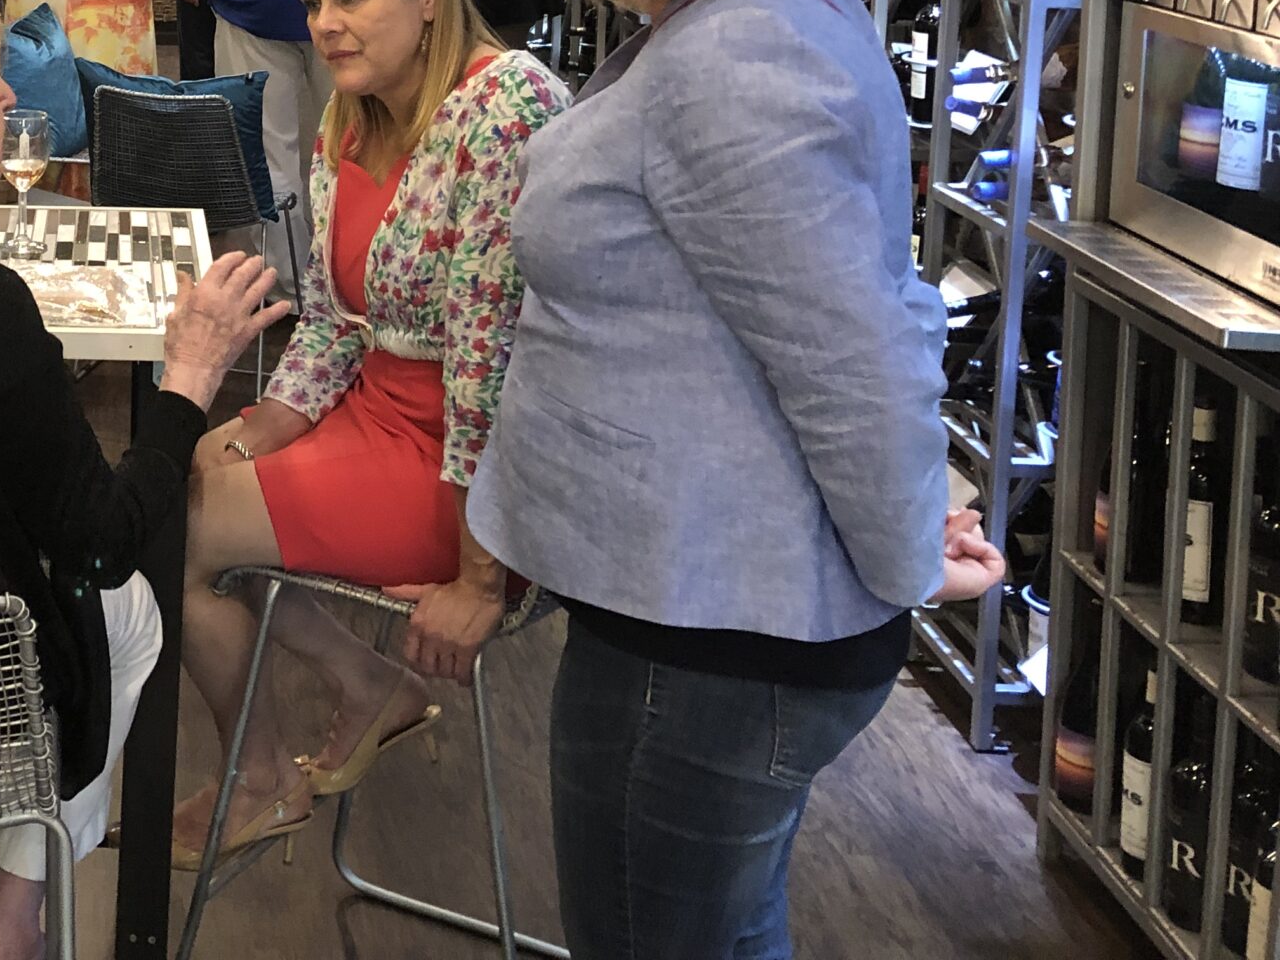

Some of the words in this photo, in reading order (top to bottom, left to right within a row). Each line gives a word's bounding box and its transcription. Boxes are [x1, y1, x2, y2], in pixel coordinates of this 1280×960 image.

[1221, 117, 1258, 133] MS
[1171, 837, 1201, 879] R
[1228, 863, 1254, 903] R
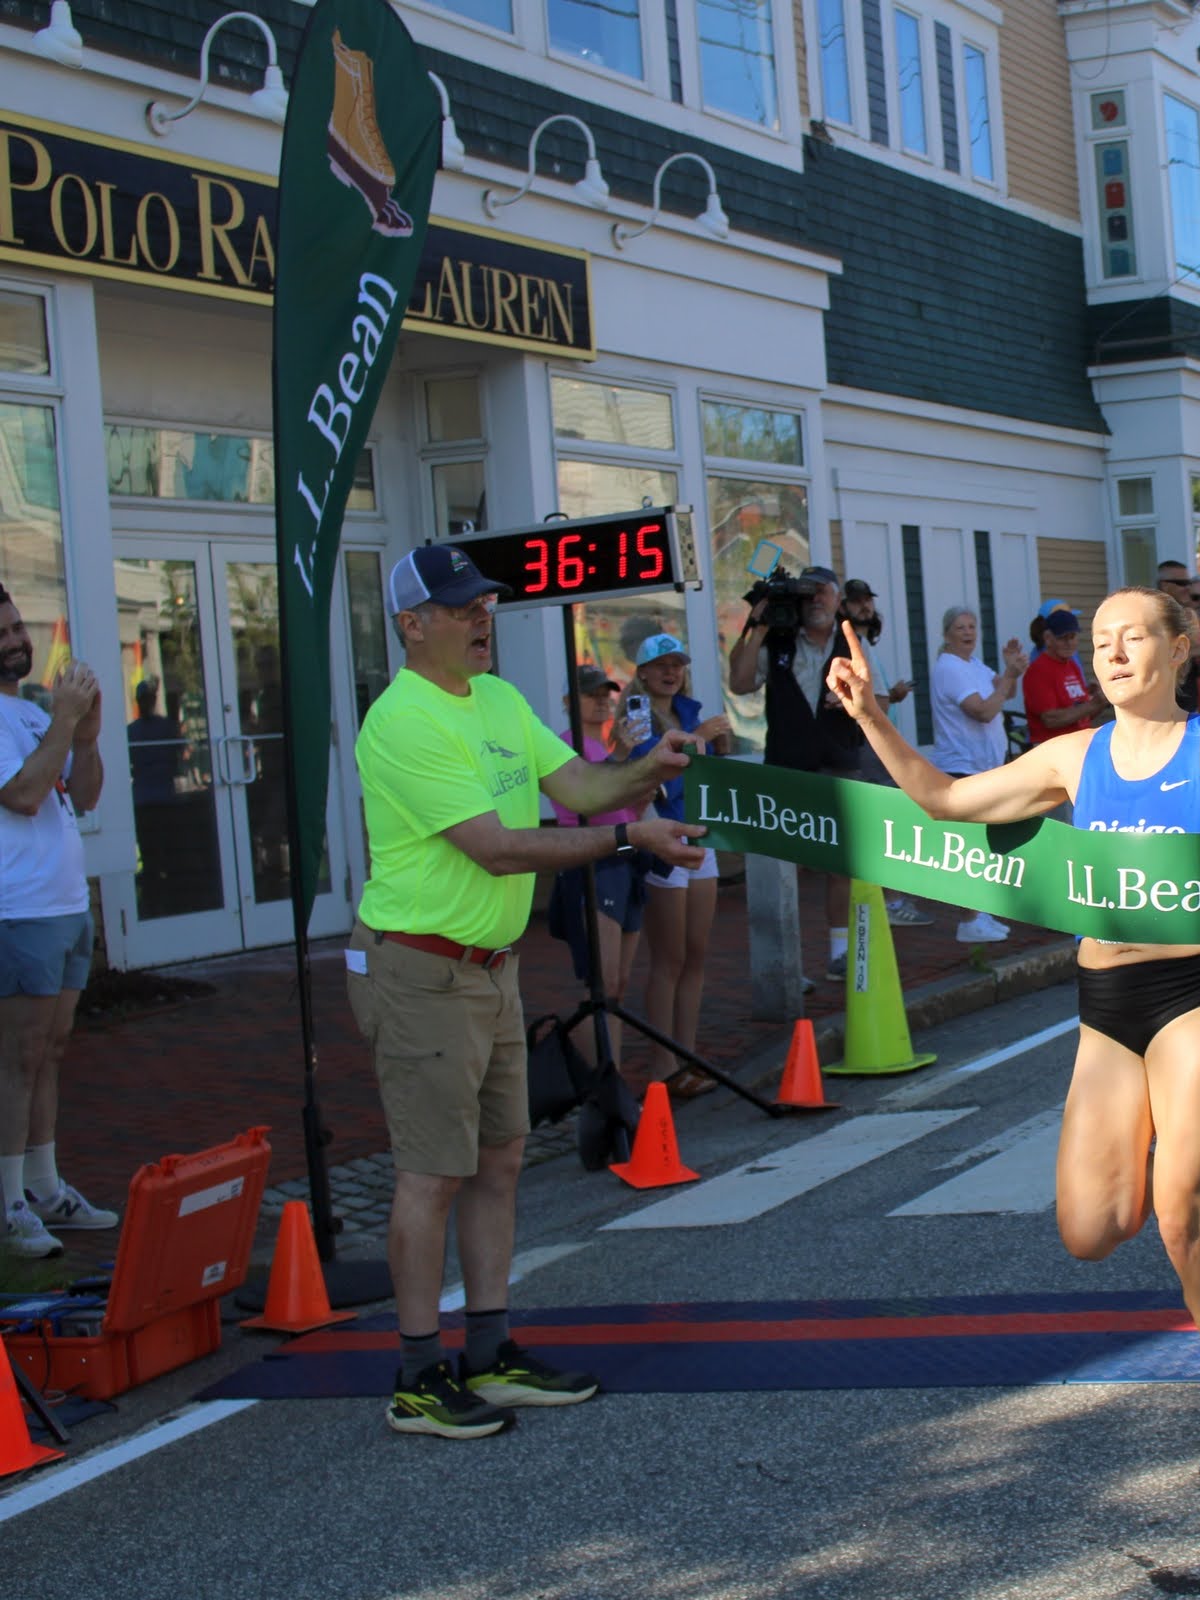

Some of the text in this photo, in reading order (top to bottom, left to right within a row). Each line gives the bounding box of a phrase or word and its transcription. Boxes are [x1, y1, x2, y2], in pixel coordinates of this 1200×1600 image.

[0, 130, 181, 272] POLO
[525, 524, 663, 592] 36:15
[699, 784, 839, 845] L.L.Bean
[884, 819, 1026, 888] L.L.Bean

----------

THE PROBLEM >>
Reproduce the preceding material exactly, skipping pictures.

ANSWER FOR THE TASK >>
Some of the words in this photo, in reading order (top to bottom, left to right within a row). Each line gives a word's bounding box and its transcription. Boxes are [x1, y1, x2, y2], in pixel coordinates of this 1280×960 image.

[1221, 117, 1258, 133] MS
[1171, 837, 1201, 879] R
[1228, 863, 1254, 903] R

Some of the text in this photo, in reading order (top to bottom, left to right within a row). Each line gives the bounding box of a phrase or word and its transcription. Boxes are [x1, y1, x2, y2], in pixel coordinates of this 1200×1600 image.

[0, 130, 181, 272] POLO
[525, 524, 663, 592] 36:15
[699, 784, 839, 845] L.L.Bean
[884, 819, 1026, 888] L.L.Bean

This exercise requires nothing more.